THE upcoming SUNDAY OF THE FATHERS
(June 15)
”…And that servant who knew his master’s will, but did not prepare or act according to his will, shall receive a severe beating. But he who did not know, and did what deserved a beating, shall receive a light beating. Every one to whom much is given, of him will much be required; and of him to whom much is entrusted, they will demand (αἰτήσουσιν) the more.” (Lk 12: 47-48)
Ouch! As Shakespeare put it, “Uneasy is the head that wears a crown,” – also in the whole business of stewardship or kingship in God’s “house.” And we all wear that “crown,” anointed as we are in Holy Baptism, to a “royal priesthood” (1 Pet 2: 9) in the various, smaller or larger areas of God’s “house,” in our different vocations. And the larger these areas are, over which one is given increased “oversight” (epi-scopacy, which means “oversight”) that is connected with the gift (and cross) of more-than-average “knowledge,” -because one (over)sees more, – the greater are the “beatings” one suffers, already in this world, for those inevitable, human shortcomings of daily work. Knowledge entails suffering, while ignorance, as they say, is bliss, or in any event, as the Lord says, just “a light beating.”

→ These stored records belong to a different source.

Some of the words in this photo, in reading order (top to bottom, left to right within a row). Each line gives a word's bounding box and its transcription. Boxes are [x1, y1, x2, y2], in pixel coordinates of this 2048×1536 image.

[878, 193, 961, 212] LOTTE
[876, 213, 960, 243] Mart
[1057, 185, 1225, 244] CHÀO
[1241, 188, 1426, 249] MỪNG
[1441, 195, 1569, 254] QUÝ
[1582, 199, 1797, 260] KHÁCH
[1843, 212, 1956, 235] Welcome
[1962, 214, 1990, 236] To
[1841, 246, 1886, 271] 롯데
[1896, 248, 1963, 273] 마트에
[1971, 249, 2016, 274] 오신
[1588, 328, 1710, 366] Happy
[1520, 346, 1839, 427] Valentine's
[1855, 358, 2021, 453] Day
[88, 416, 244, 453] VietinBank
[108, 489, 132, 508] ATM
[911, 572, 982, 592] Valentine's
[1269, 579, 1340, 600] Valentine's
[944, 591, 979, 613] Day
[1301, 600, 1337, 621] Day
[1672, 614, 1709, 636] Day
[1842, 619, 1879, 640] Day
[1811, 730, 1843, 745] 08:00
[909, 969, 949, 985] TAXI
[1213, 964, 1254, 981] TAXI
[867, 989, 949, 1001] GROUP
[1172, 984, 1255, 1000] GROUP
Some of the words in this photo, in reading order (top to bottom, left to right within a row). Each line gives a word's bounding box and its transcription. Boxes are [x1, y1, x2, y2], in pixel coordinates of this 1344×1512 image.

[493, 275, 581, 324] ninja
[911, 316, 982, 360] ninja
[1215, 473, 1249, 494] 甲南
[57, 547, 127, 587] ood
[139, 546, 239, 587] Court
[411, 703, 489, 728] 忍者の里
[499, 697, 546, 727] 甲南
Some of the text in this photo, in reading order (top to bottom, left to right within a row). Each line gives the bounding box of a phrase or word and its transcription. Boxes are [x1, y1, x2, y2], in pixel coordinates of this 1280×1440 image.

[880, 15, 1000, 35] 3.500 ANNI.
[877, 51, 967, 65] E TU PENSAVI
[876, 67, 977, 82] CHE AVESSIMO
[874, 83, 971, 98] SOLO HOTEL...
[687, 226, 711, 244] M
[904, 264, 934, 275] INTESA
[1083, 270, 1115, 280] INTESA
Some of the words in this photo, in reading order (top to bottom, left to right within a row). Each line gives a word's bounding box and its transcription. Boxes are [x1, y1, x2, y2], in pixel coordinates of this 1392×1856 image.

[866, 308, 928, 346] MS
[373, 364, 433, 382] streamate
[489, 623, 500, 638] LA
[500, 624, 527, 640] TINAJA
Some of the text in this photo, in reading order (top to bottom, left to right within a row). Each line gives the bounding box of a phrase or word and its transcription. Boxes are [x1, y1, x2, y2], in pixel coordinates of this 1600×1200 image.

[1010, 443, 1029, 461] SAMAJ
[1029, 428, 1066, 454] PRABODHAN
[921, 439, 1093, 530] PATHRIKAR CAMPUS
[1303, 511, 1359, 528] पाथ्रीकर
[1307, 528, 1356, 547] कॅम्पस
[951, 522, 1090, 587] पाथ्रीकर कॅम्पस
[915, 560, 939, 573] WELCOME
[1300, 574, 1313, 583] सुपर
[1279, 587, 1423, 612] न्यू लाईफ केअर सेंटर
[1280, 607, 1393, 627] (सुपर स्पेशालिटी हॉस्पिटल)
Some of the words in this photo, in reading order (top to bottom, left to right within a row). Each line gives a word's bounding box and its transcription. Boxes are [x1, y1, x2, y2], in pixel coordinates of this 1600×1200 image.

So today let me give others and myself a break, in the different areas in which we are given “much,” – to leaders in the Church; to political leaders; to the leading minds in academic fields; to teachers and parents and bosses in our workplaces, and so on. We all receive “beatings” already here, not from God, but from “them,” as the Lord says in the passage above; from other people’s demands of us: “Of him to whom much is entrusted,” says the Lord, “they will demand the more.” I think this is one of the lessons of tomorrow’s Sunday before Pentecost, dedicated to the “Fathers” of the 1st Ecumenical Council: while we far more easily notice and remember what church-leaders (and other kinds of leaders) do wrong, here we take pause to celebrate an occasion when they got together and did something right.
Let us give one another a break today, so that our merciful Lord does the same for us, as He wants to, if only we open our hearts to mercy. “Blessed are the merciful, for they shall obtain mercy.”